NIRS records cerebral changes in the local oxygenated and deoxygenated hemoglobin concentrations on the cerebral cortex. In this signal, systemic arterial BP oscillations can indirectly be displayed (2527), and subdivided into frequency ranges. Each range provides information about different aspects of CA: Low-frequency oscillations (LFO or Mayer waves, ~0.1 Hz) reflect the local myogenic activity in the terminal arterioles and are further influenced by sympathetic tone and control mechanisms (28, 29). Very low-frequency oscillations (VLFO or B-Waves) range in the minute range (30). Upper VLFO (~0.05 Hz) stem from large arterioles under neurogenic innervation (3133) and are modulated by arterial CO2 partial pressure (34, 35). Lower VLFO (~0.01 Hz) are endothelial dependent and thus connected to metabolic changes in the microvessels (36). Intact CA constantly modifies spontaneous dynamic oscillations resulting in higher desynchronization of intra- and extracranial BP oscillations. However, an impaired CA (as in AIS) is unable to modulate BP, and therefore intracranial oscillations passively and synchronously follow those of systemic BP (37).

So far, in NIRS studies on (dynamic) CA, the use of an external tool that measures systematic blood pressure variations were necessary: While intracranial BP changes have been assessed by NIRS or transcranial doppler, systemic BP changes were recorded using a finger plethysmograph (26, 3841) or an arterial or aortic catheter (32, 42, 43). Afterwards, these independent datasets needed to be synchronized to detect modulation by CA. However, this synchronization, accurate to milliseconds, is complex and error-prone. Therefore, one main aim of the present study was to address this using the short channel signal instead.

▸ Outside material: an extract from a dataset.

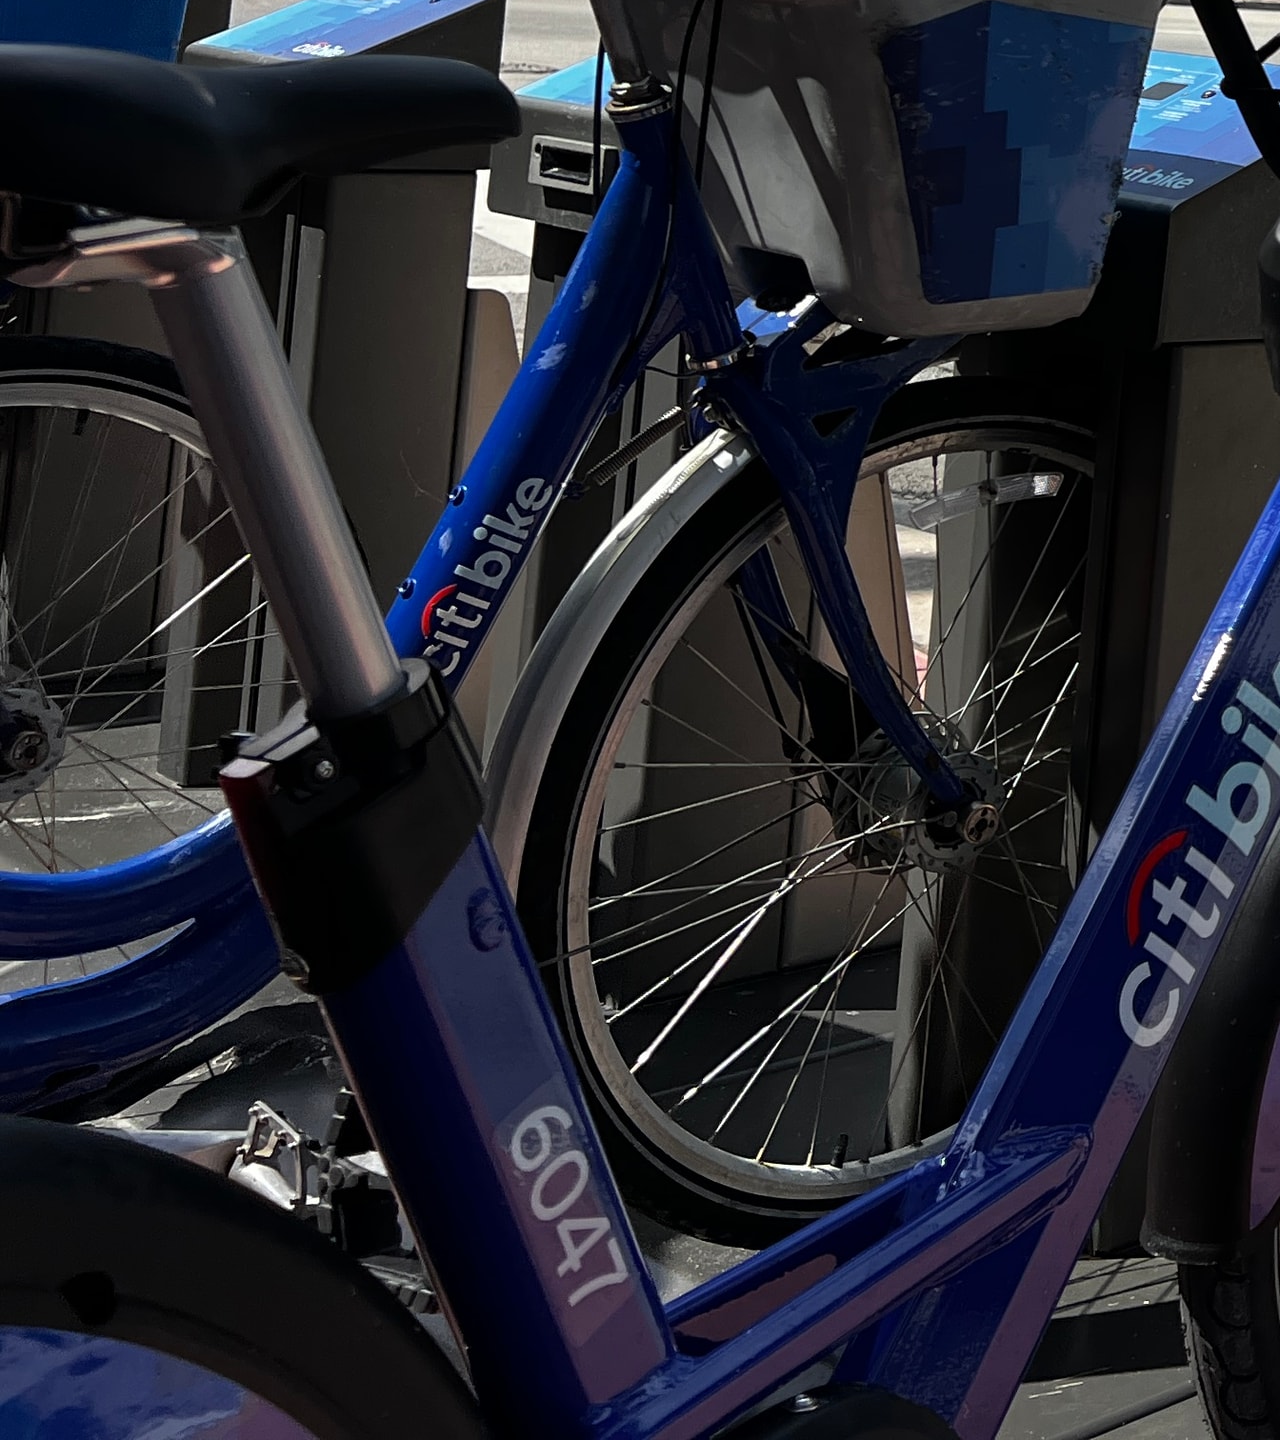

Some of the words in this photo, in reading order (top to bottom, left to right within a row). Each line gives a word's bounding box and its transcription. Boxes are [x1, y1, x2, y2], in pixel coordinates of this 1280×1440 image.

To assess the synchronicity of extra- and intracerebral oscillations and, therefore, the extent of modification by CA, fourier analyses such as discrete fourier transform (DFT) are commonly used (17). By DFT, measuring points are periodically continued into sinus curves. Input-sinusoids (=systemic BP-signal) are transformed into sinusoids of the same frequency at the output (=intracranial BP-signal) but with a different amplitude (gain) and shifted in time (the phase shift of the response). In this study, the synchronicity of two signals will be assessed: The oscillation in the short channels (input signal), which detect the systemic oscillations of the ABP via the scalp, and the oscillation modified by CA, which is measured via long channels (output signal).

The feasibility of NIRS has rarely been tested in AIS patients. The aims of this study are (i) to detect CA changes in AIS patients in comparison to matched-healthy controls and (ii) to test if these changes can be assessed using a single NIRS system, including short- and long channels, in an acute stroke unit setting.